Free-text object descriptions
○ ○ ○ ○
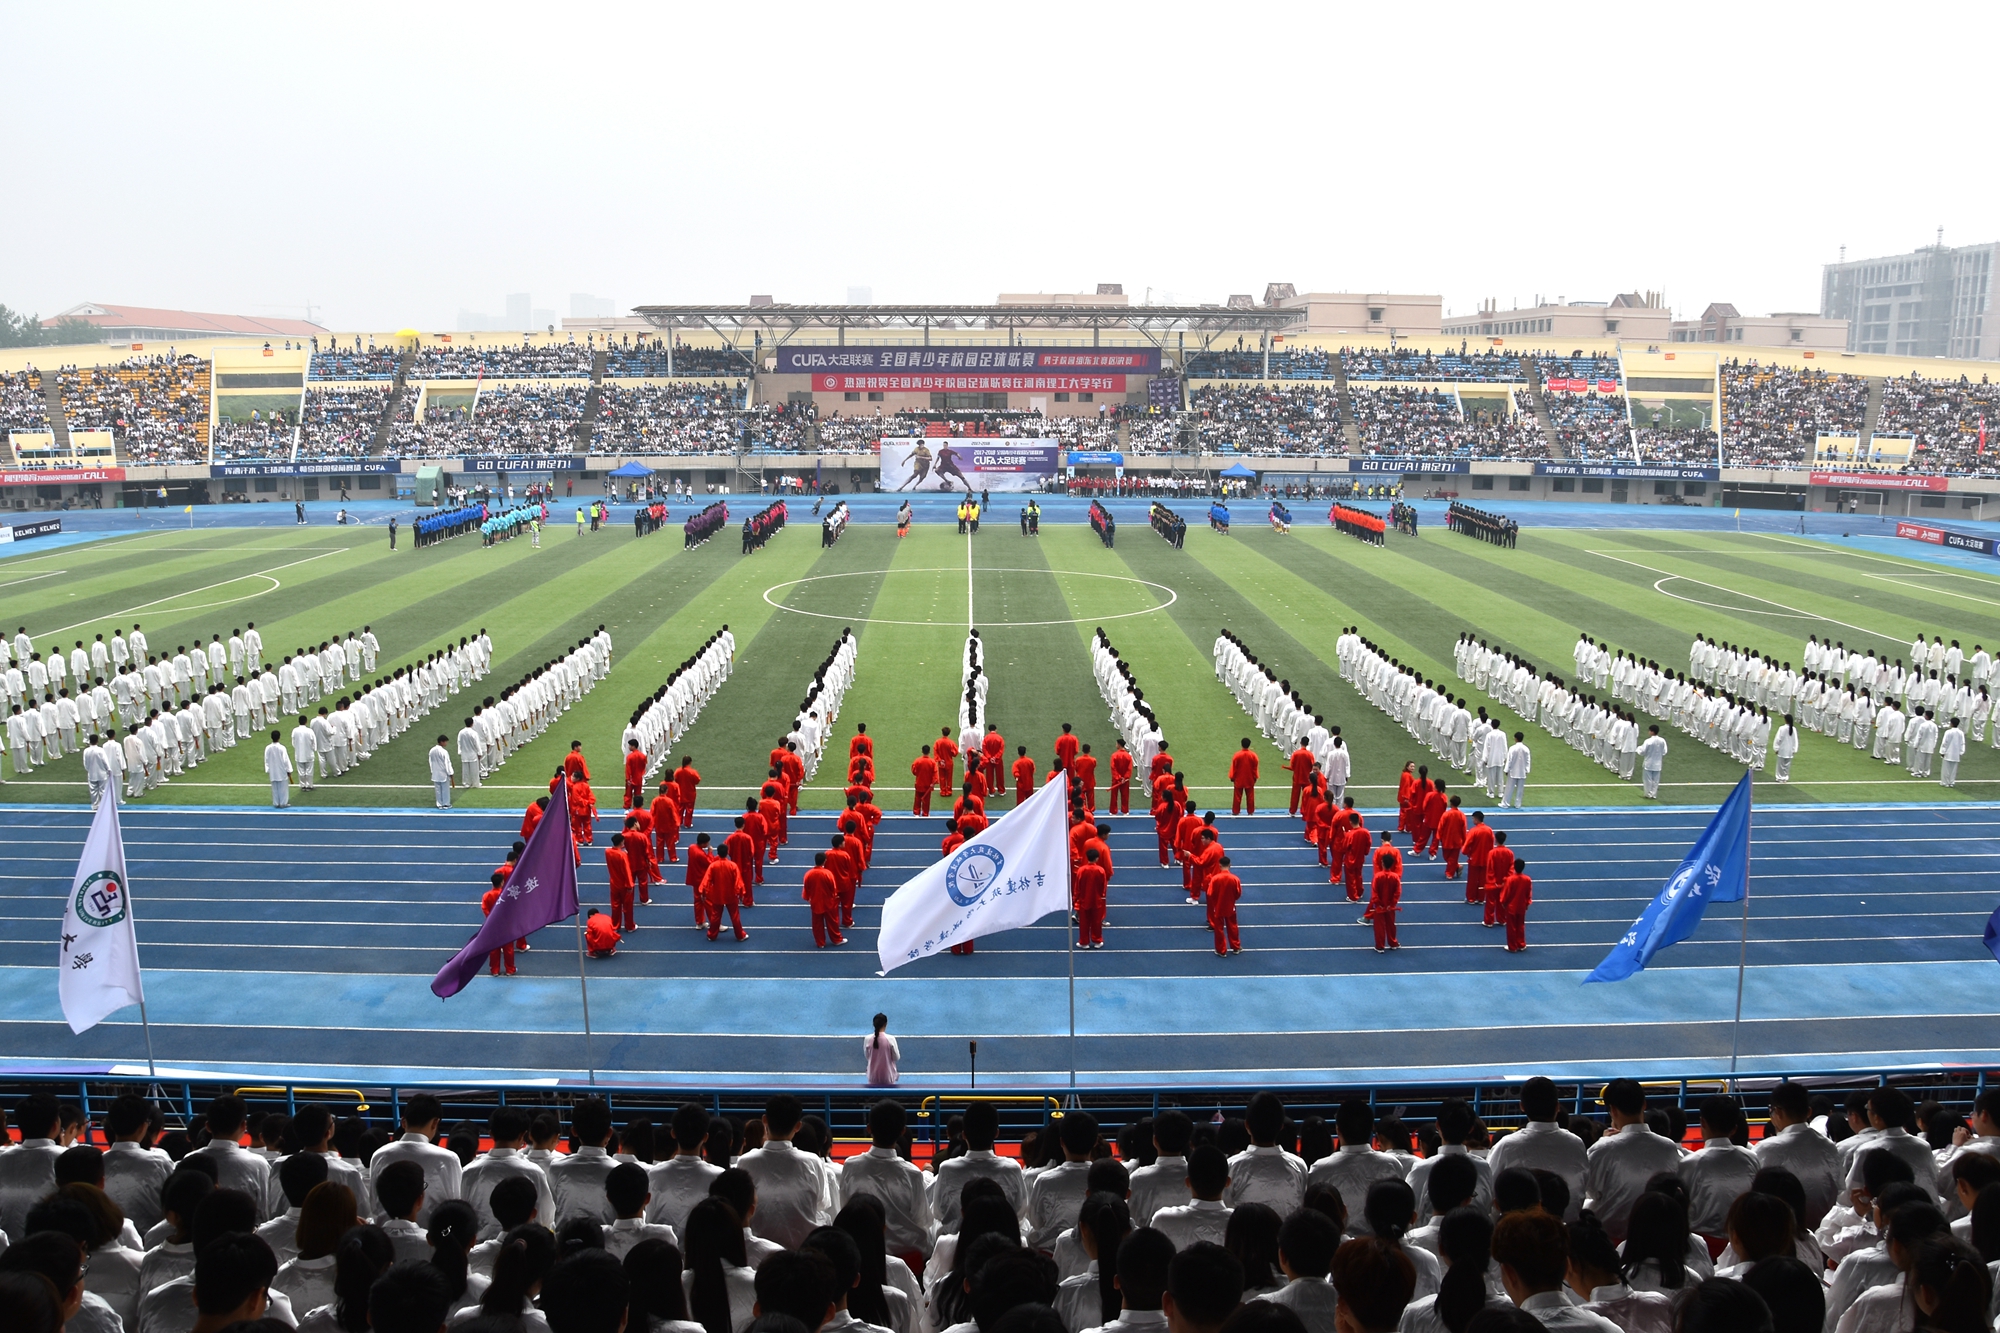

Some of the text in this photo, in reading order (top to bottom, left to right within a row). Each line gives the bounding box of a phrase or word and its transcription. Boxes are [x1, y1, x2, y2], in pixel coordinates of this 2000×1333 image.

[880, 352, 1035, 367] 全国青少年校园足球联赛
[844, 377, 1113, 390] 热烈祝贺全国青少年校园足球联赛在河南理工大学举行
[476, 461, 494, 470] GO
[497, 460, 534, 470] CUFA!
[974, 456, 996, 465] CUFA
[997, 456, 1026, 465] 大足联赛
[1362, 462, 1378, 470] GO
[1382, 462, 1418, 471] CUFA!
[1948, 536, 1964, 546] CUFA
○ ○ ○ ○
## ABOUT THIS TASK
Except for the pictures, print the data above exactly.

## RESULT OF THE TASK
Some of the text in this photo, in reading order (top to bottom, left to right within a row). Each line gives the bounding box of a phrase or word and its transcription. Boxes are [x1, y1, x2, y2], in pixel coordinates of this 2000×1333 image.

[880, 352, 1035, 367] 全国青少年校园足球联赛
[844, 377, 1113, 390] 热烈祝贺全国青少年校园足球联赛在河南理工大学举行
[476, 461, 494, 470] GO
[497, 460, 534, 470] CUFA!
[974, 456, 996, 465] CUFA
[997, 456, 1026, 465] 大足联赛
[1362, 462, 1378, 470] GO
[1382, 462, 1418, 471] CUFA!
[1948, 536, 1964, 546] CUFA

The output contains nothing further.